→ EXERCISE INSTRUCTIONS: Reproduce the records below exactly; no pictures.

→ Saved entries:
--- START ---

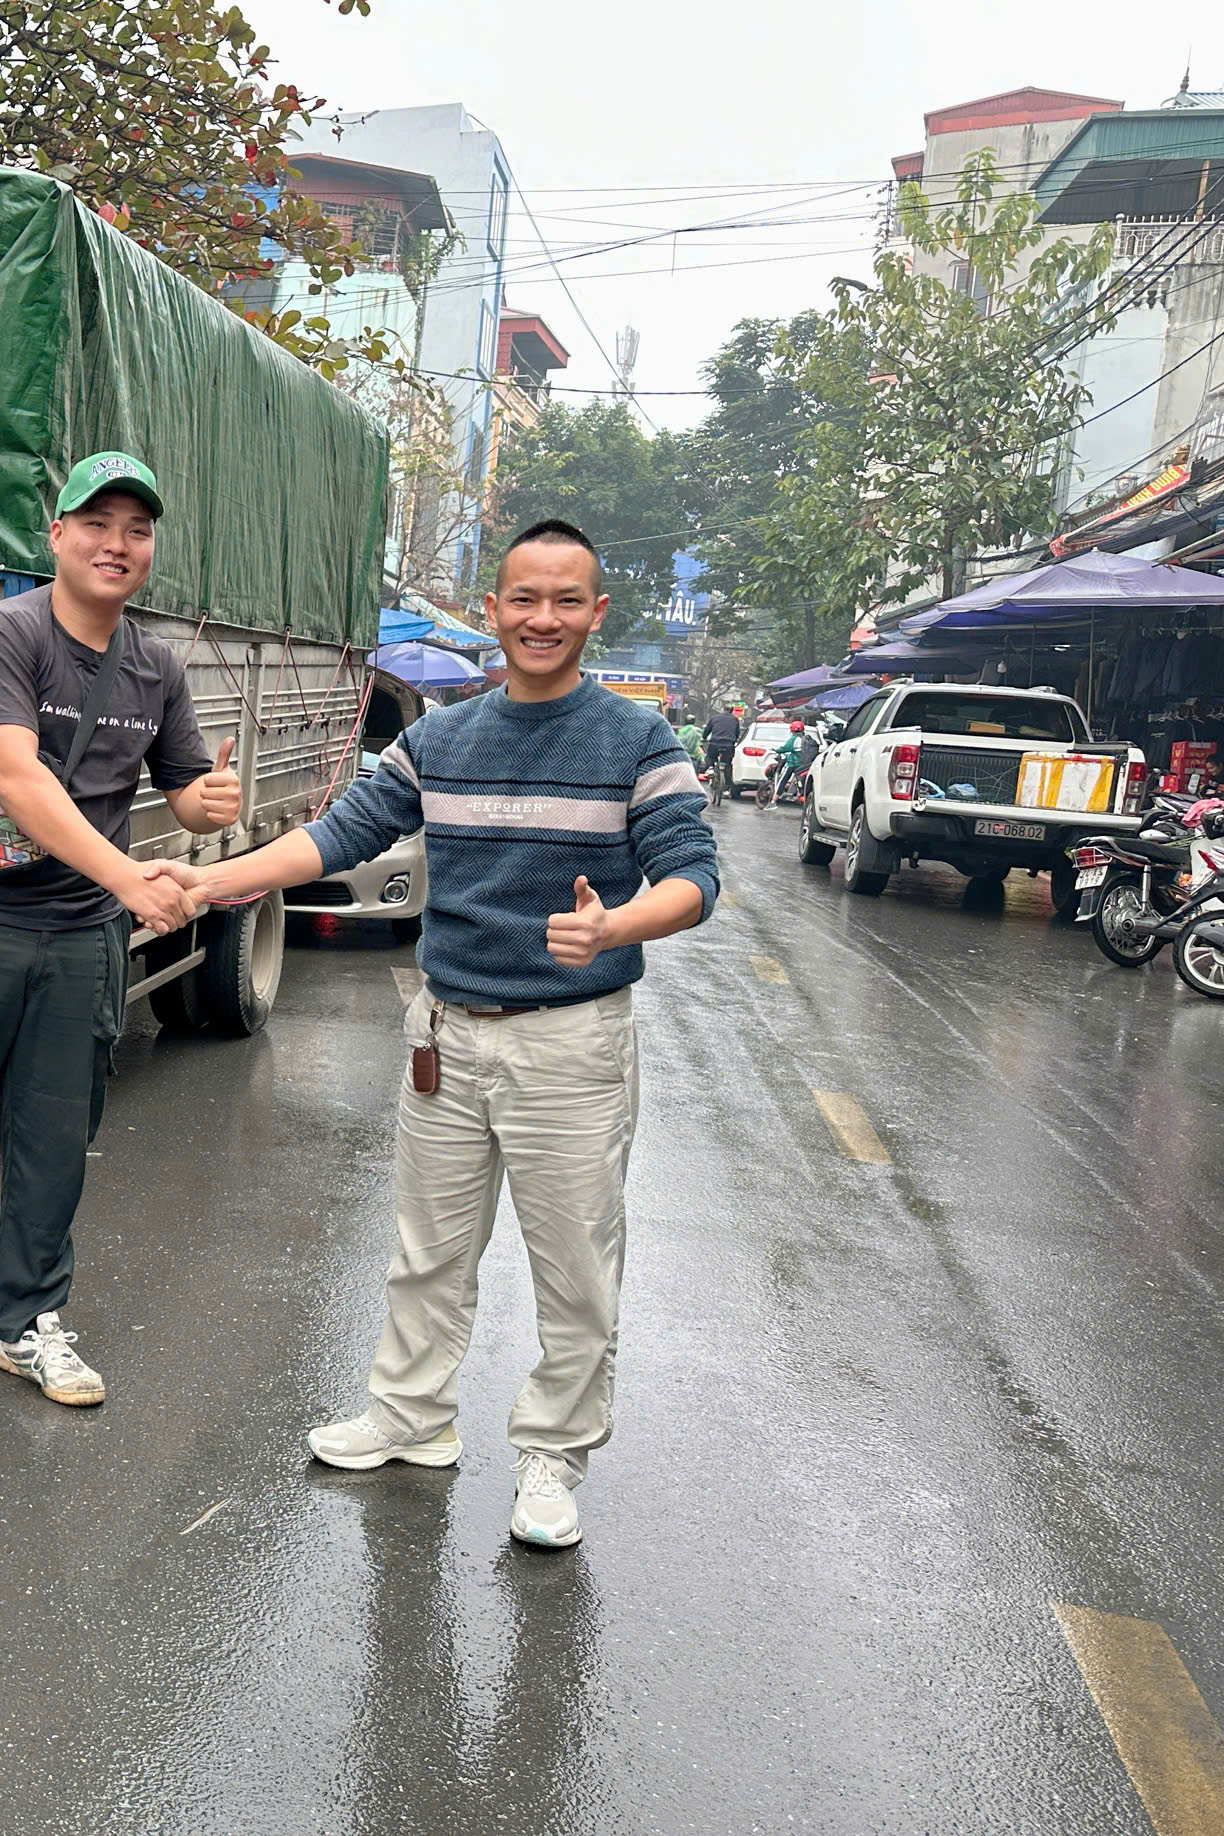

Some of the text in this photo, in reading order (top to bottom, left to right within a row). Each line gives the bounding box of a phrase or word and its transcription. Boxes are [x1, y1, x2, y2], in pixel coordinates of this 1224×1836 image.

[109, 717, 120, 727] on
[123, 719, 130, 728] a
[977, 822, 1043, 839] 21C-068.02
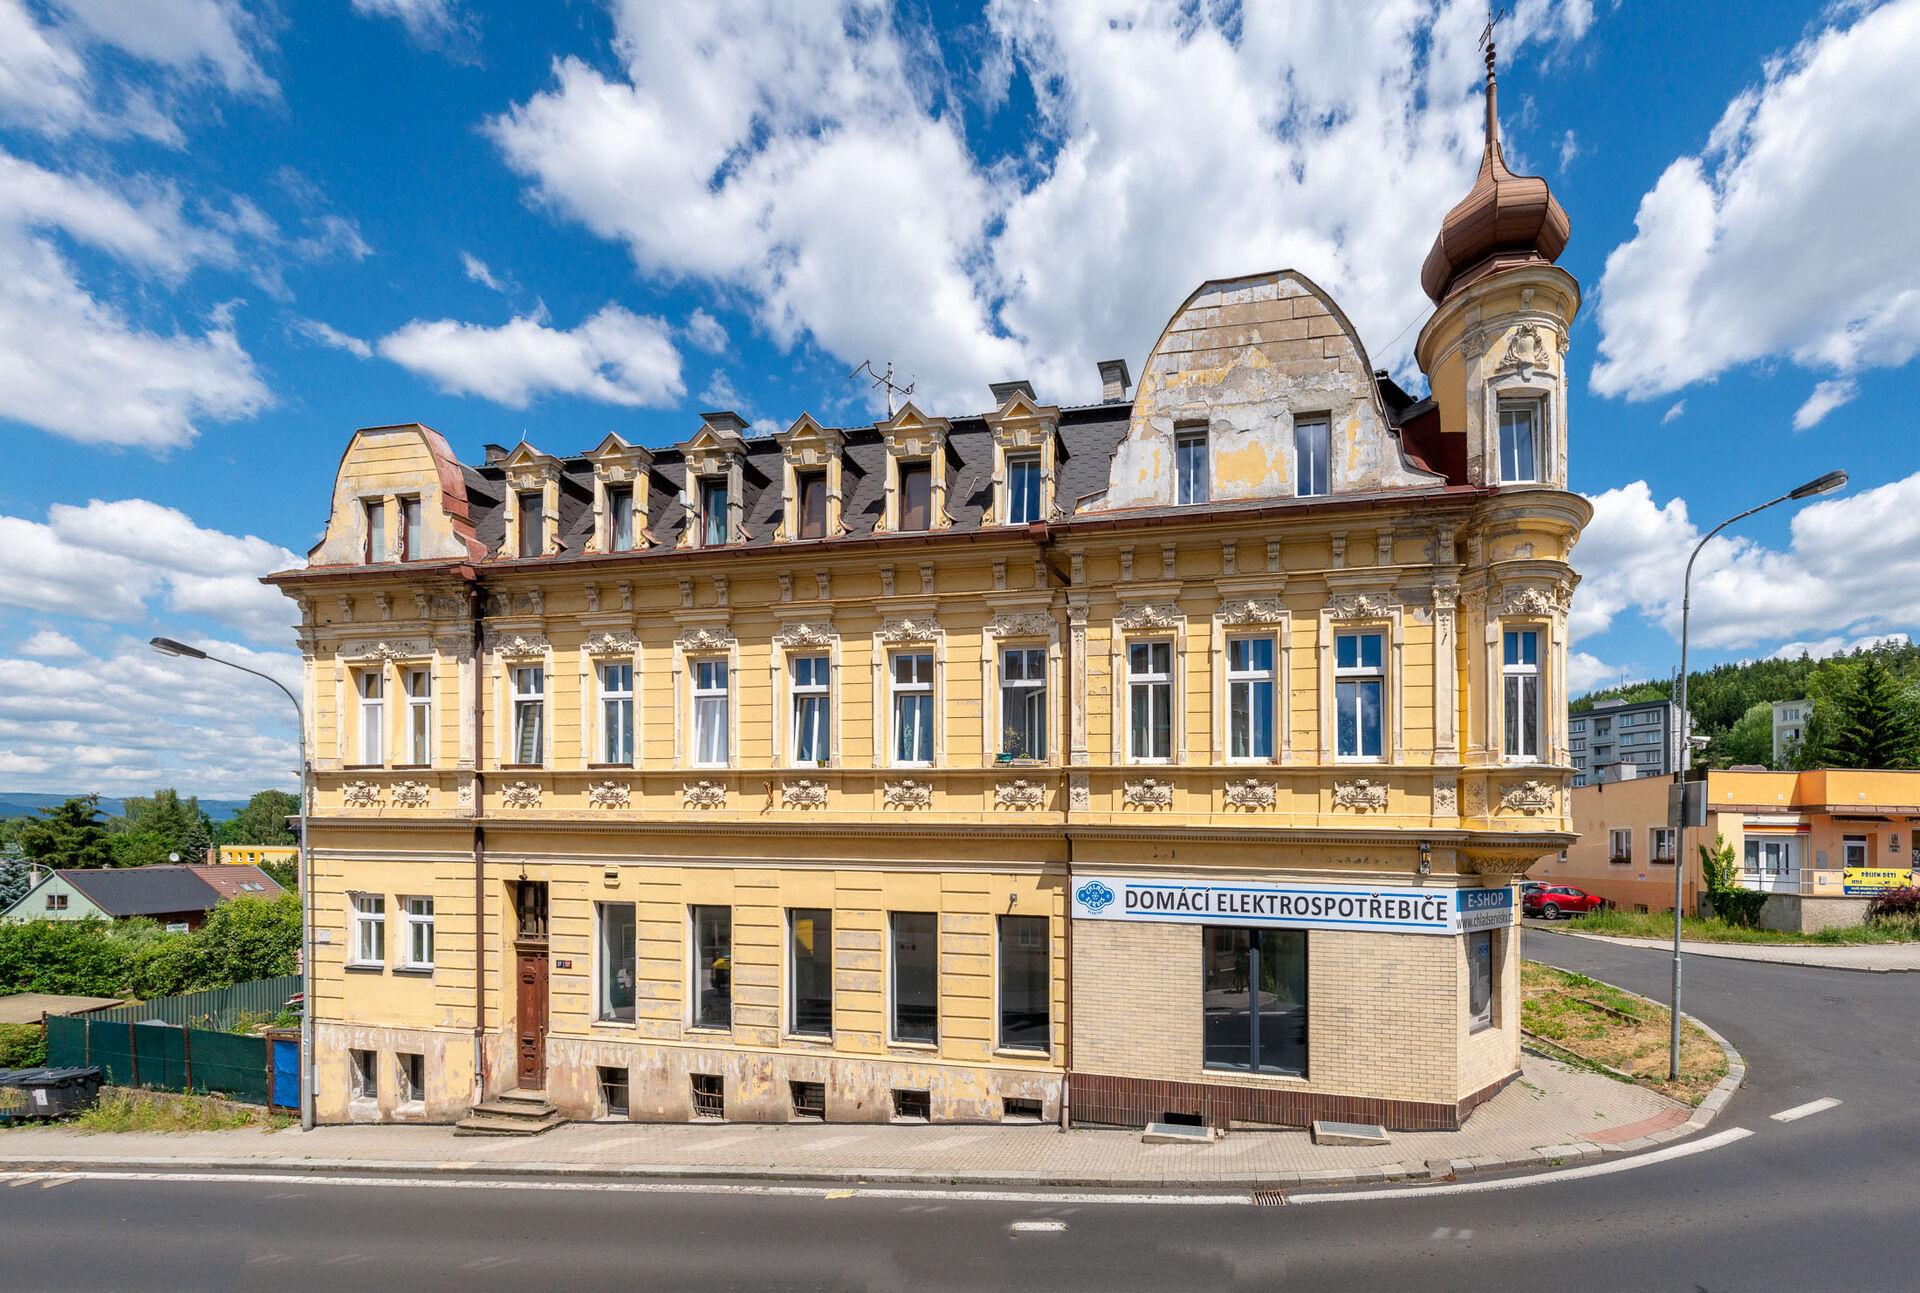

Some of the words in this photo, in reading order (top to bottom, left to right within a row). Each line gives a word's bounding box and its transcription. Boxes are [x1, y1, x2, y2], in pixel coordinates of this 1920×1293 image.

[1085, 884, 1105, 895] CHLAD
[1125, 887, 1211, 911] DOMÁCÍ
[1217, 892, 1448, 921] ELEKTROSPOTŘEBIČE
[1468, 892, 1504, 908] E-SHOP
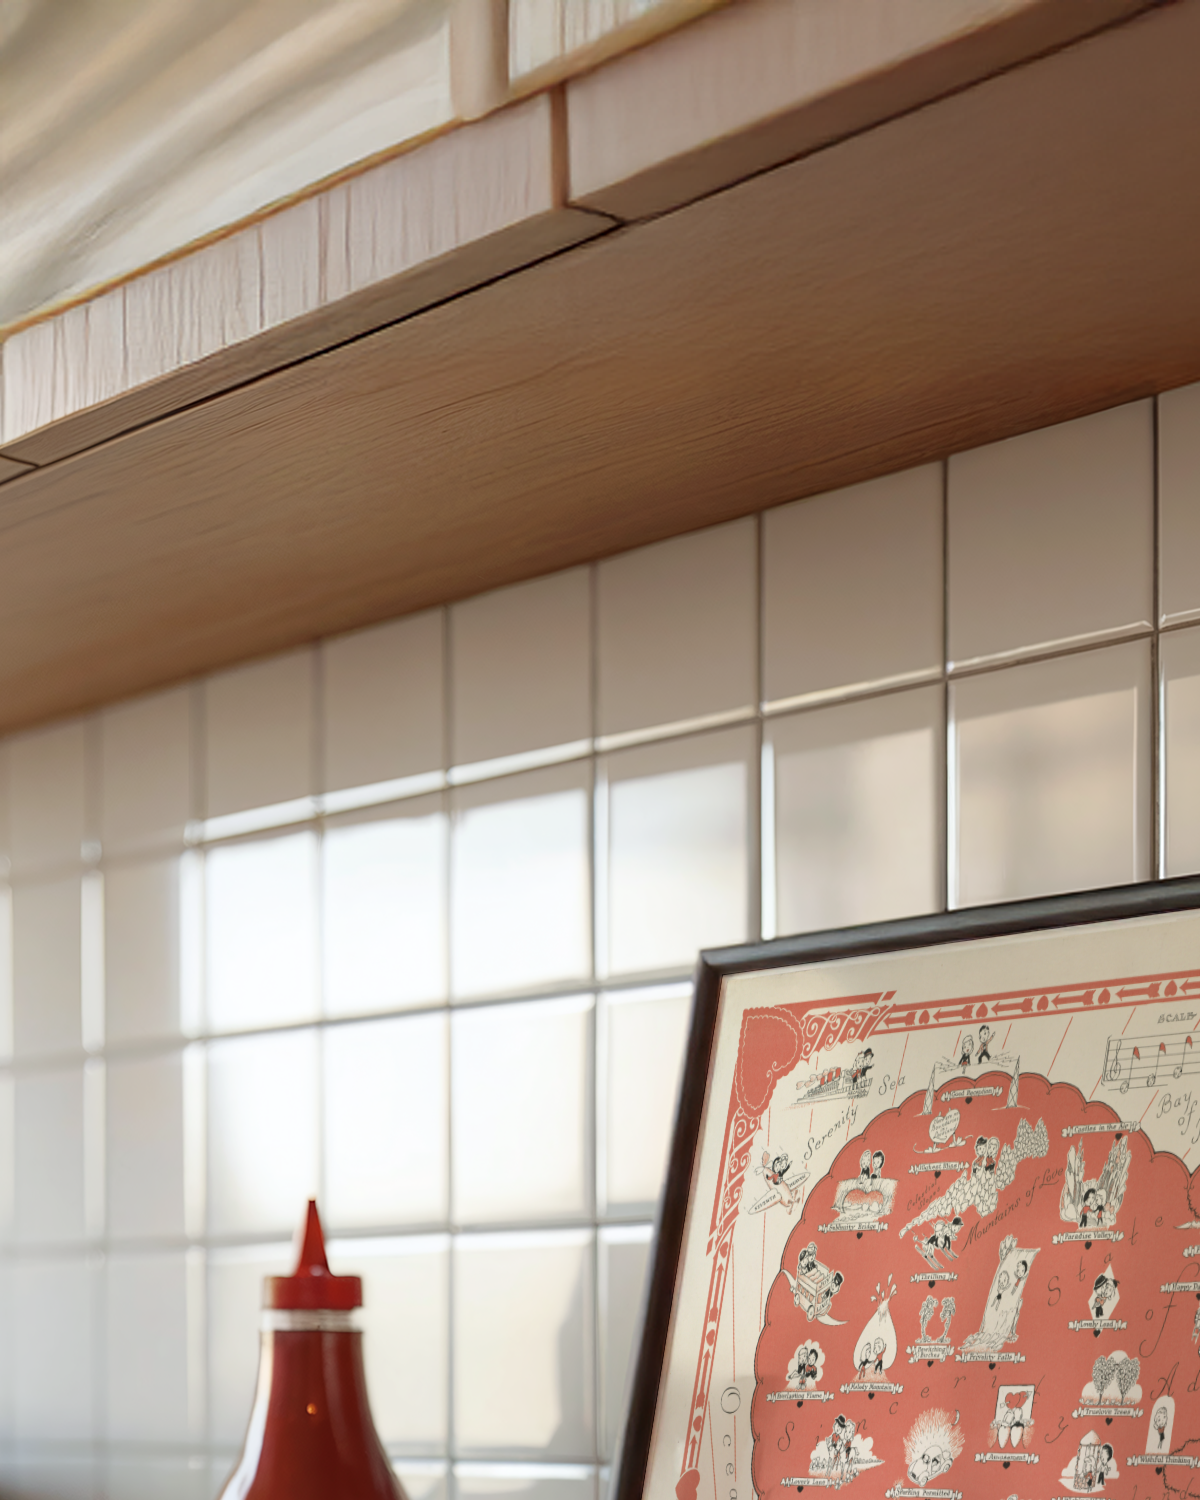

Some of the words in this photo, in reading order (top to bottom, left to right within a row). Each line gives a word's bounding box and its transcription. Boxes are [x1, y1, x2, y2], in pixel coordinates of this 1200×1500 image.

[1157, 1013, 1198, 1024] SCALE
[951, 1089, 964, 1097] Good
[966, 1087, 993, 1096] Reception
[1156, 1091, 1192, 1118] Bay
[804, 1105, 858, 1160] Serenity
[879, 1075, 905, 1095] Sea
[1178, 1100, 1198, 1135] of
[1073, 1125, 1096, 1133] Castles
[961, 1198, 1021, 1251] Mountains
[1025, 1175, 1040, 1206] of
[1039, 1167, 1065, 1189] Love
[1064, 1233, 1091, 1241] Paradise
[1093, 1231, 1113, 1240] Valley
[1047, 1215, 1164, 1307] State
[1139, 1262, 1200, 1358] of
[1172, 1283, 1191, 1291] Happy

--- END ---

→ ANSWER SECTION:
Some of the text in this photo, in reading order (top to bottom, left to right within a row). Each line gives the bounding box of a phrase or word and its transcription. Boxes are [x1, y1, x2, y2], in pixel coordinates of this 1224×1836 image.

[109, 717, 120, 727] on
[123, 719, 130, 728] a
[977, 822, 1043, 839] 21C-068.02

Some of the words in this photo, in reading order (top to bottom, left to right within a row). Each line gives a word's bounding box and its transcription. Boxes are [x1, y1, x2, y2], in pixel coordinates of this 1920×1293 image.

[1085, 884, 1105, 895] CHLAD
[1125, 887, 1211, 911] DOMÁCÍ
[1217, 892, 1448, 921] ELEKTROSPOTŘEBIČE
[1468, 892, 1504, 908] E-SHOP

Some of the words in this photo, in reading order (top to bottom, left to right within a row). Each line gives a word's bounding box and its transcription. Boxes are [x1, y1, x2, y2], in pixel coordinates of this 1200×1500 image.

[1157, 1013, 1198, 1024] SCALE
[951, 1089, 964, 1097] Good
[966, 1087, 993, 1096] Reception
[1156, 1091, 1192, 1118] Bay
[804, 1105, 858, 1160] Serenity
[879, 1075, 905, 1095] Sea
[1178, 1100, 1198, 1135] of
[1073, 1125, 1096, 1133] Castles
[961, 1198, 1021, 1251] Mountains
[1025, 1175, 1040, 1206] of
[1039, 1167, 1065, 1189] Love
[1064, 1233, 1091, 1241] Paradise
[1093, 1231, 1113, 1240] Valley
[1047, 1215, 1164, 1307] State
[1139, 1262, 1200, 1358] of
[1172, 1283, 1191, 1291] Happy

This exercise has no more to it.